*Data supplied*
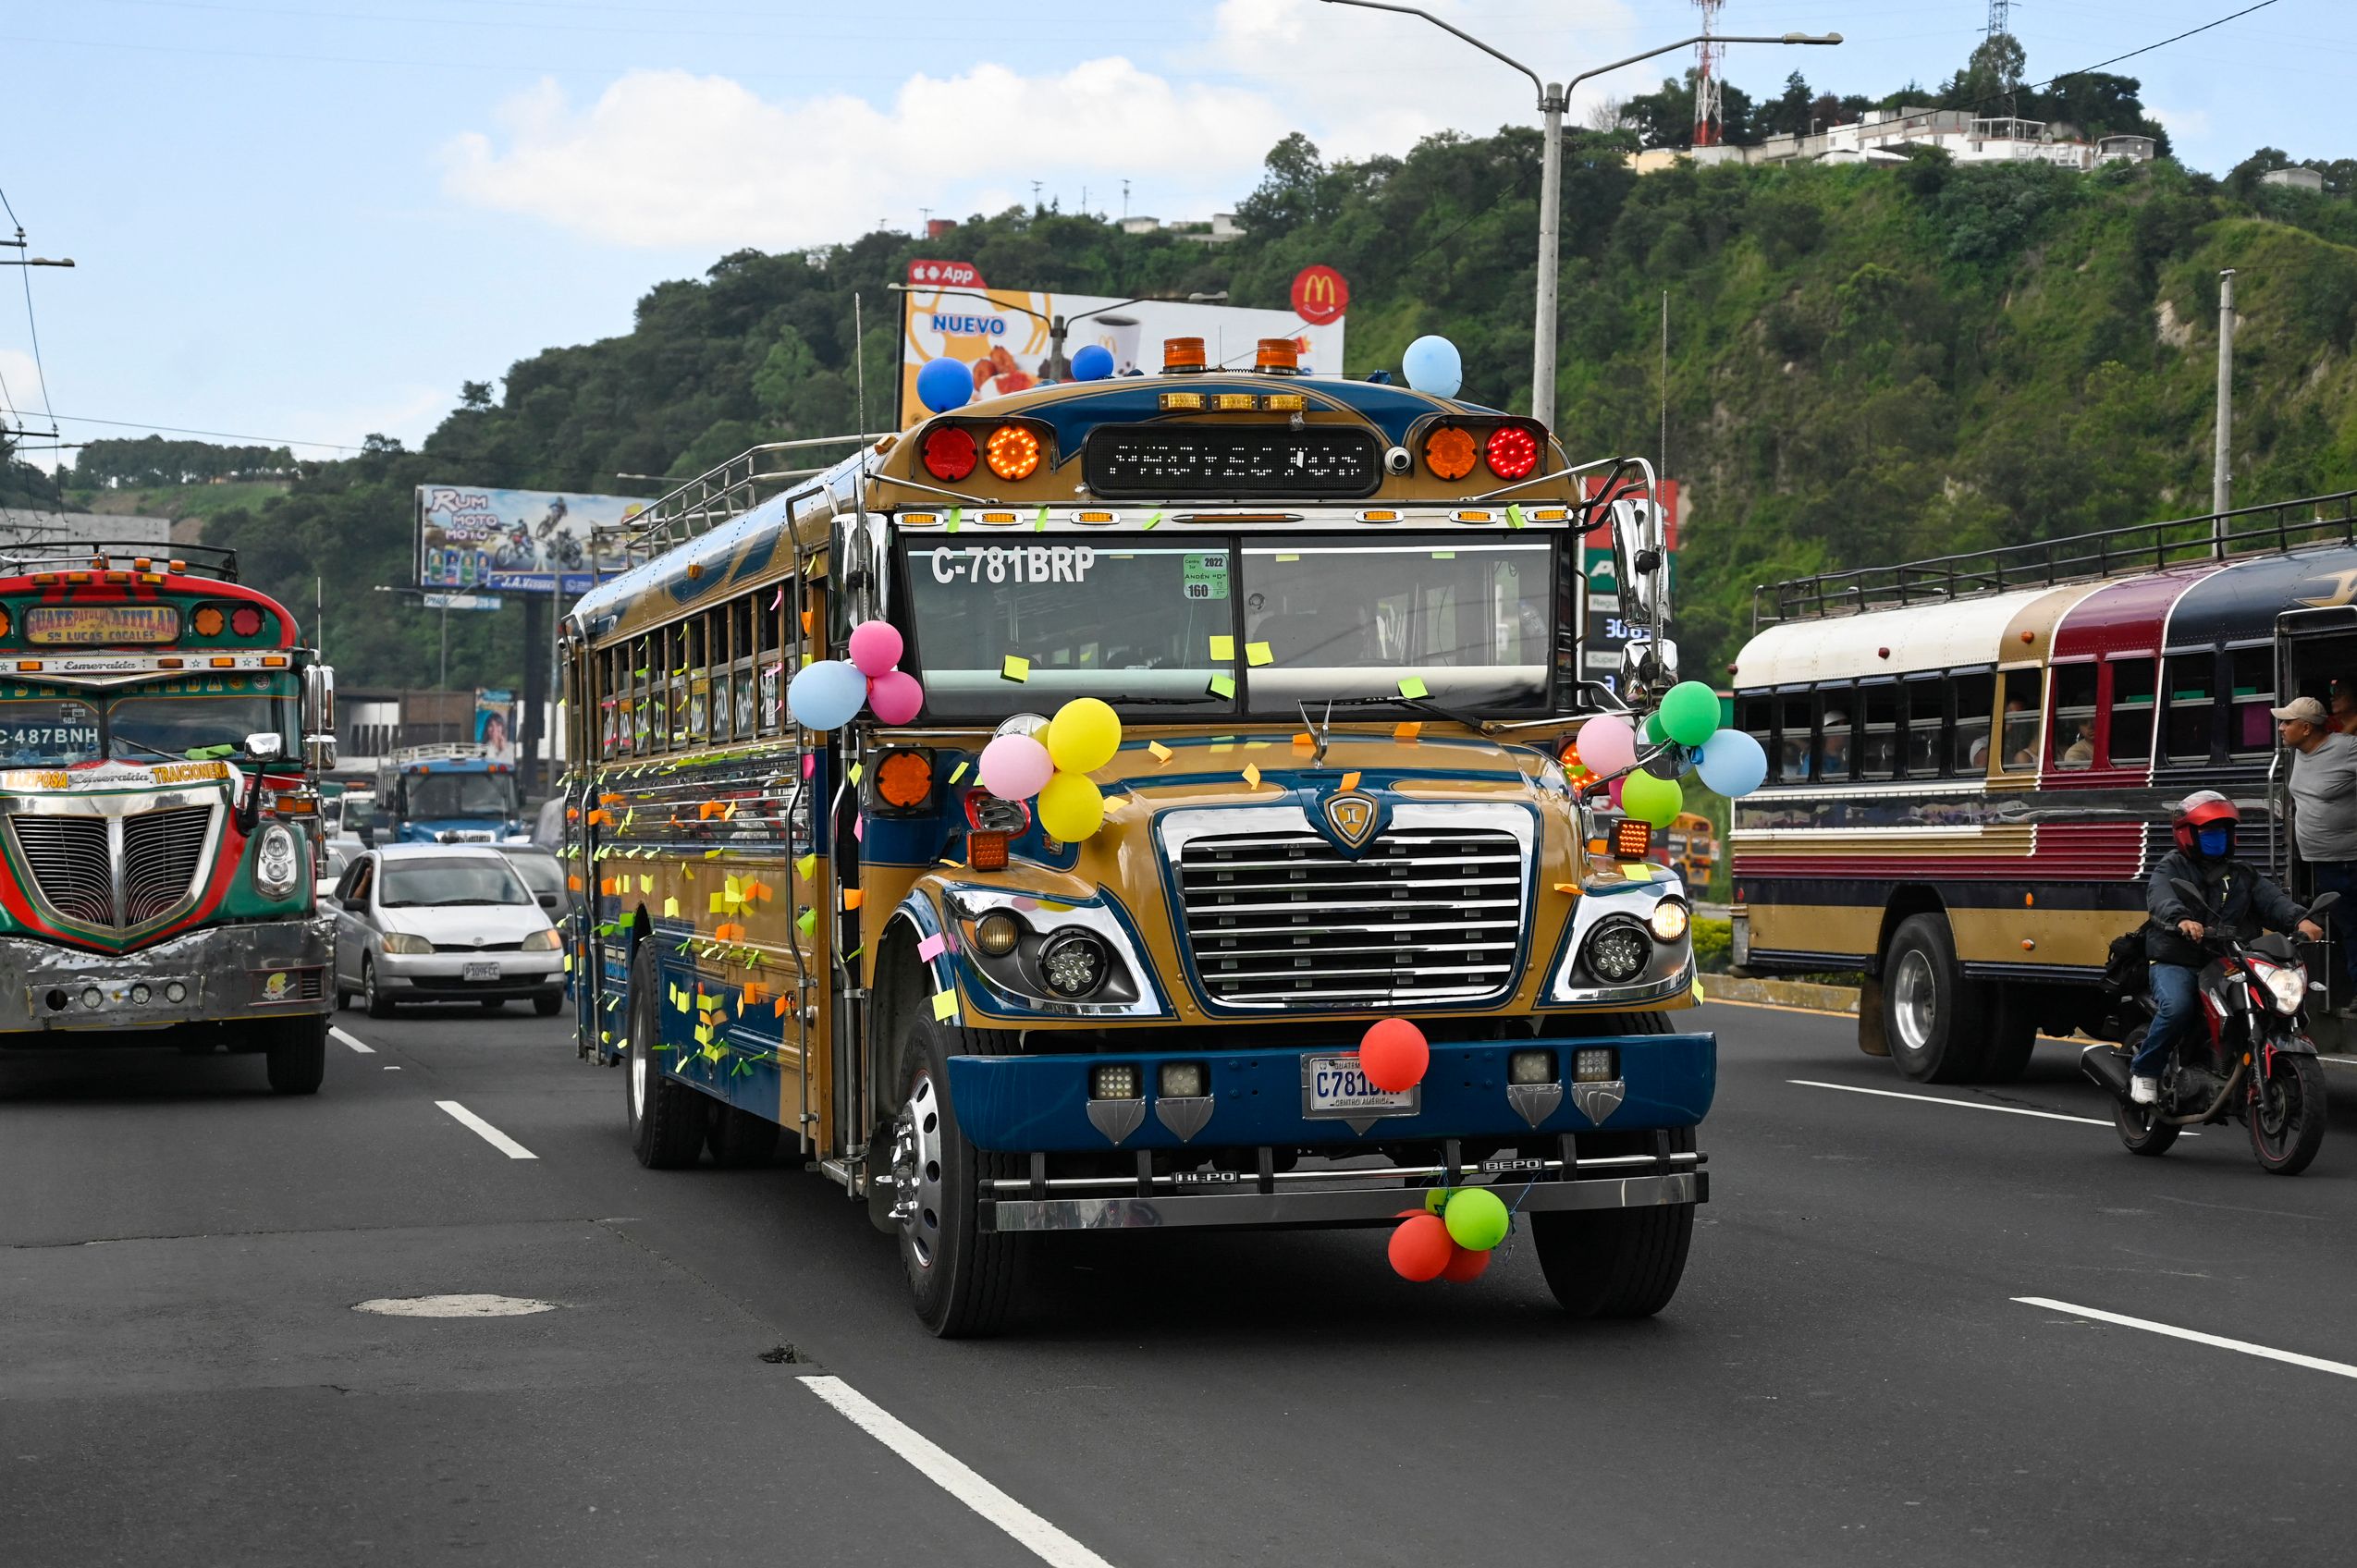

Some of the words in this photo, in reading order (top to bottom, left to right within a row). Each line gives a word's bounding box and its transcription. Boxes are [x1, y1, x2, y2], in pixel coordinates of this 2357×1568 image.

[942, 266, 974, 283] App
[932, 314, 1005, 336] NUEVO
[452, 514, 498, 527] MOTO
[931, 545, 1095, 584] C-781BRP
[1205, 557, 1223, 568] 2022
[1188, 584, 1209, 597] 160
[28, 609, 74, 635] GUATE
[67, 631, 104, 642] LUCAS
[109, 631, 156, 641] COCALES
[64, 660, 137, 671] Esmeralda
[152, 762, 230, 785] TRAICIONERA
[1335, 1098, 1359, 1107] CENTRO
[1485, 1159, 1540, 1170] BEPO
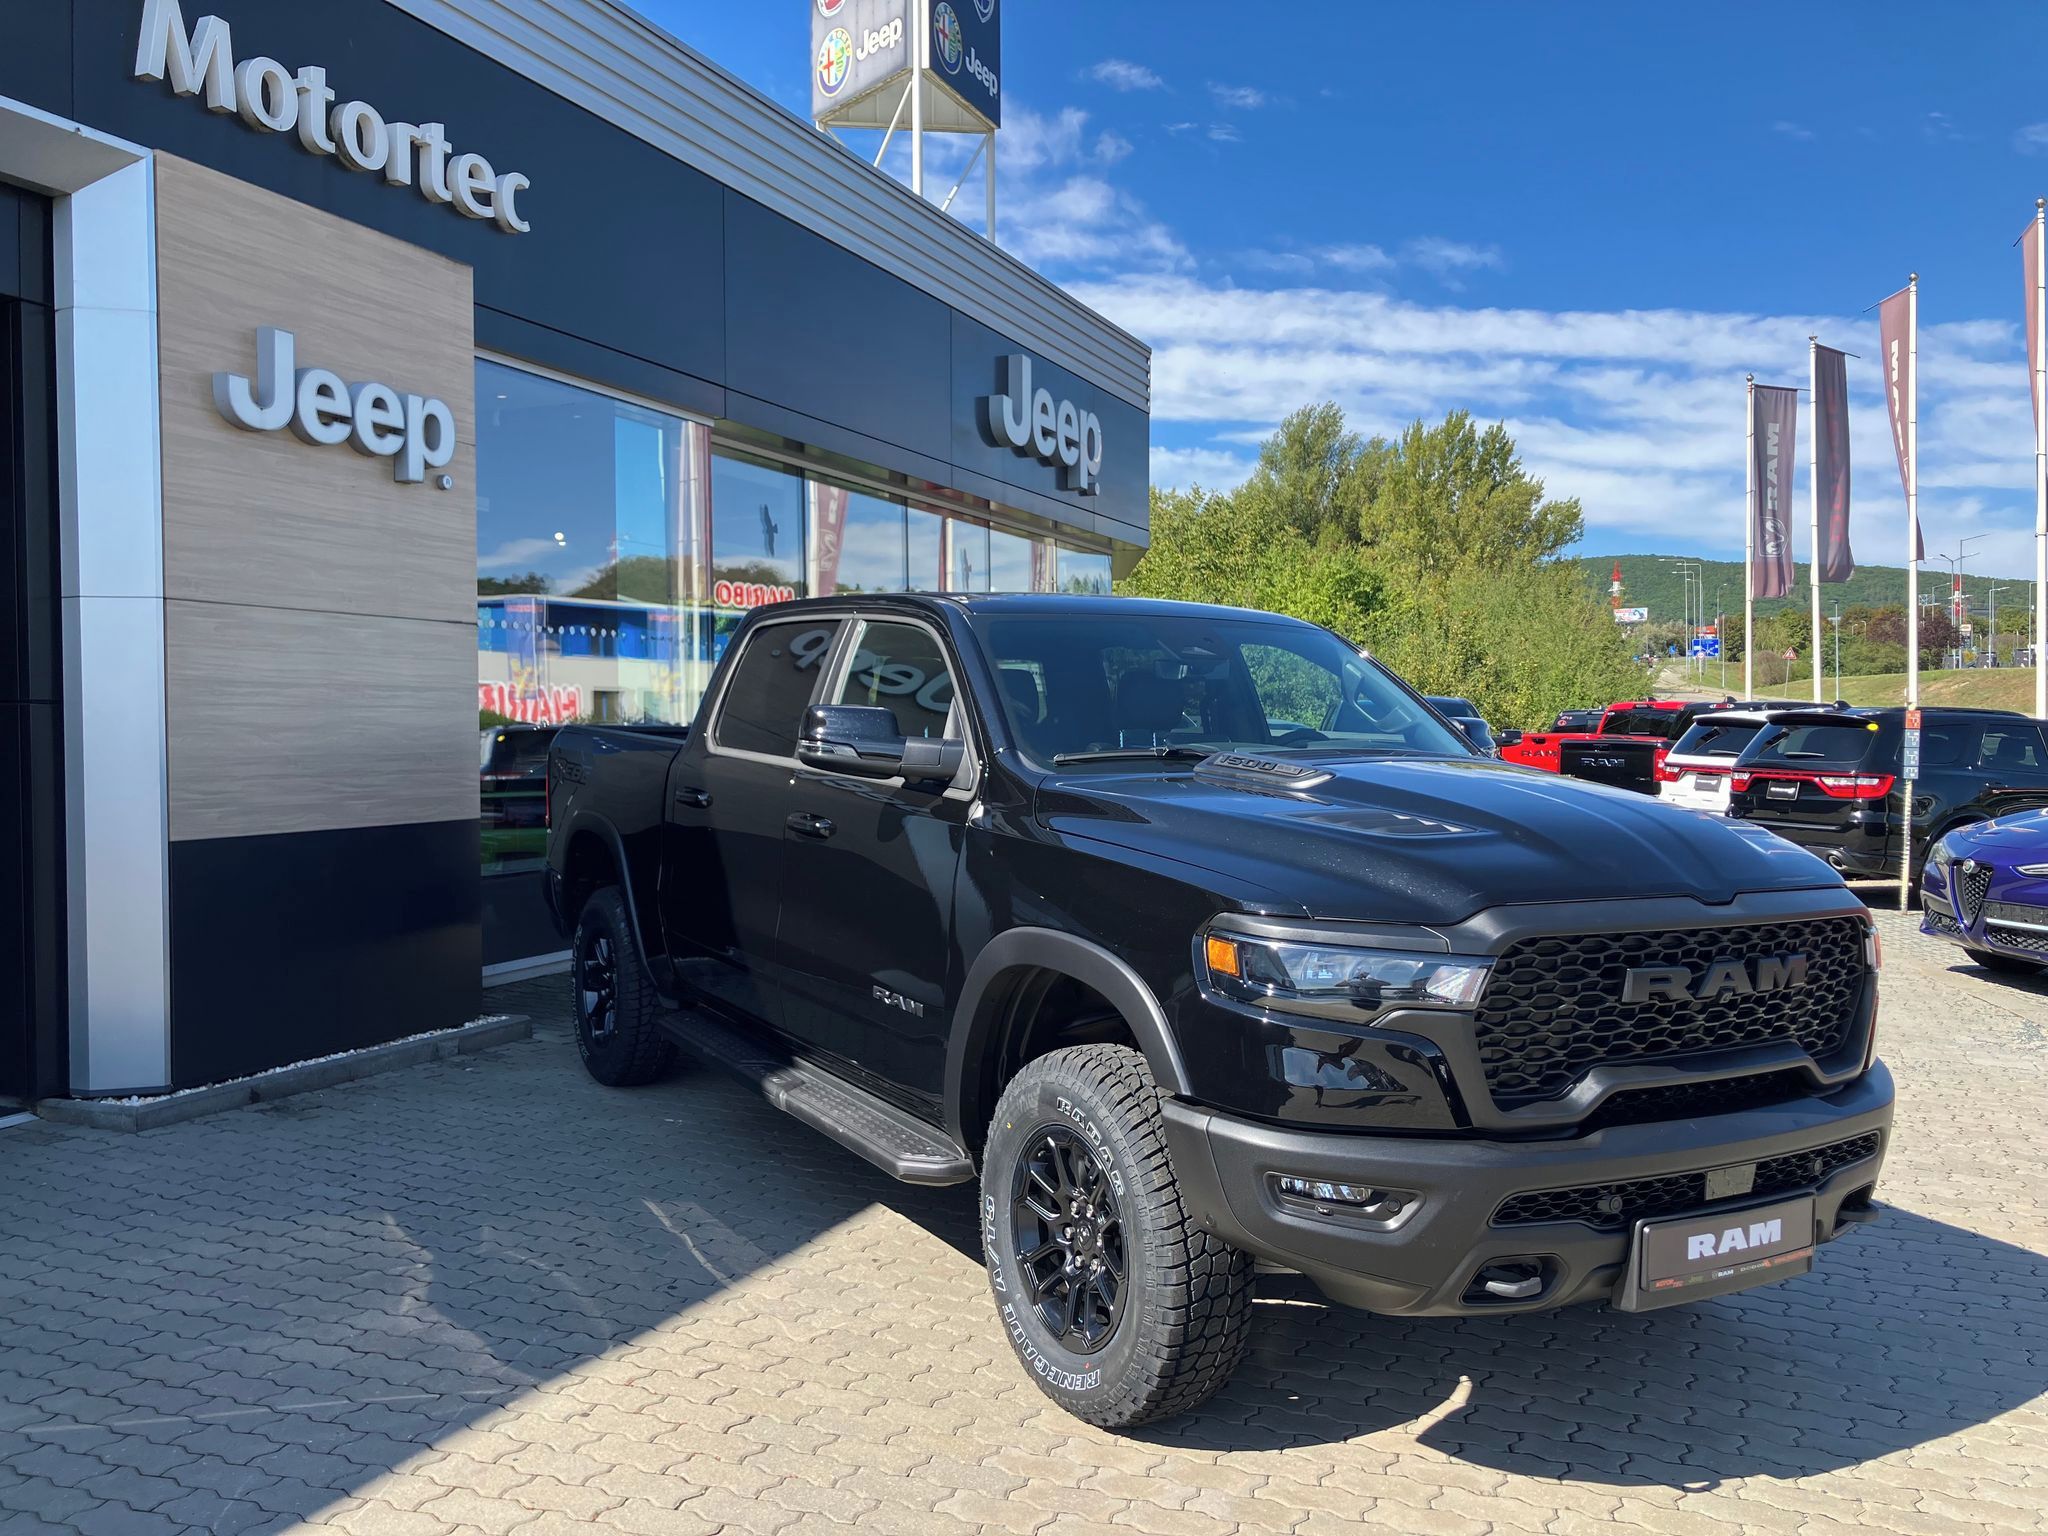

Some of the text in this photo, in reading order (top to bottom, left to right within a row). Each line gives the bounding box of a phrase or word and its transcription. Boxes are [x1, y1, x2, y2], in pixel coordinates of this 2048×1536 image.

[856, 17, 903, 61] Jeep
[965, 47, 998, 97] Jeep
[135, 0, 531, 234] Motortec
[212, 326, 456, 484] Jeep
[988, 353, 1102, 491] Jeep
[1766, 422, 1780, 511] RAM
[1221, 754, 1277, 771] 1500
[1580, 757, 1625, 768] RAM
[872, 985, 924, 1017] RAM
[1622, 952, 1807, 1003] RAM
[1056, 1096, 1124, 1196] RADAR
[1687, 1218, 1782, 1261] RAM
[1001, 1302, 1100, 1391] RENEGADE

*What is needed*
Only the lines from the one containing "Some of the text" to the end of the data should be printed, exactly as they stand.

*Answer space*
Some of the text in this photo, in reading order (top to bottom, left to right within a row). Each line gives the bounding box of a phrase or word and its transcription. Boxes are [x1, y1, x2, y2], in pixel coordinates of this 2048×1536 image.

[856, 17, 903, 61] Jeep
[965, 47, 998, 97] Jeep
[135, 0, 531, 234] Motortec
[212, 326, 456, 484] Jeep
[988, 353, 1102, 491] Jeep
[1766, 422, 1780, 511] RAM
[1221, 754, 1277, 771] 1500
[1580, 757, 1625, 768] RAM
[872, 985, 924, 1017] RAM
[1622, 952, 1807, 1003] RAM
[1056, 1096, 1124, 1196] RADAR
[1687, 1218, 1782, 1261] RAM
[1001, 1302, 1100, 1391] RENEGADE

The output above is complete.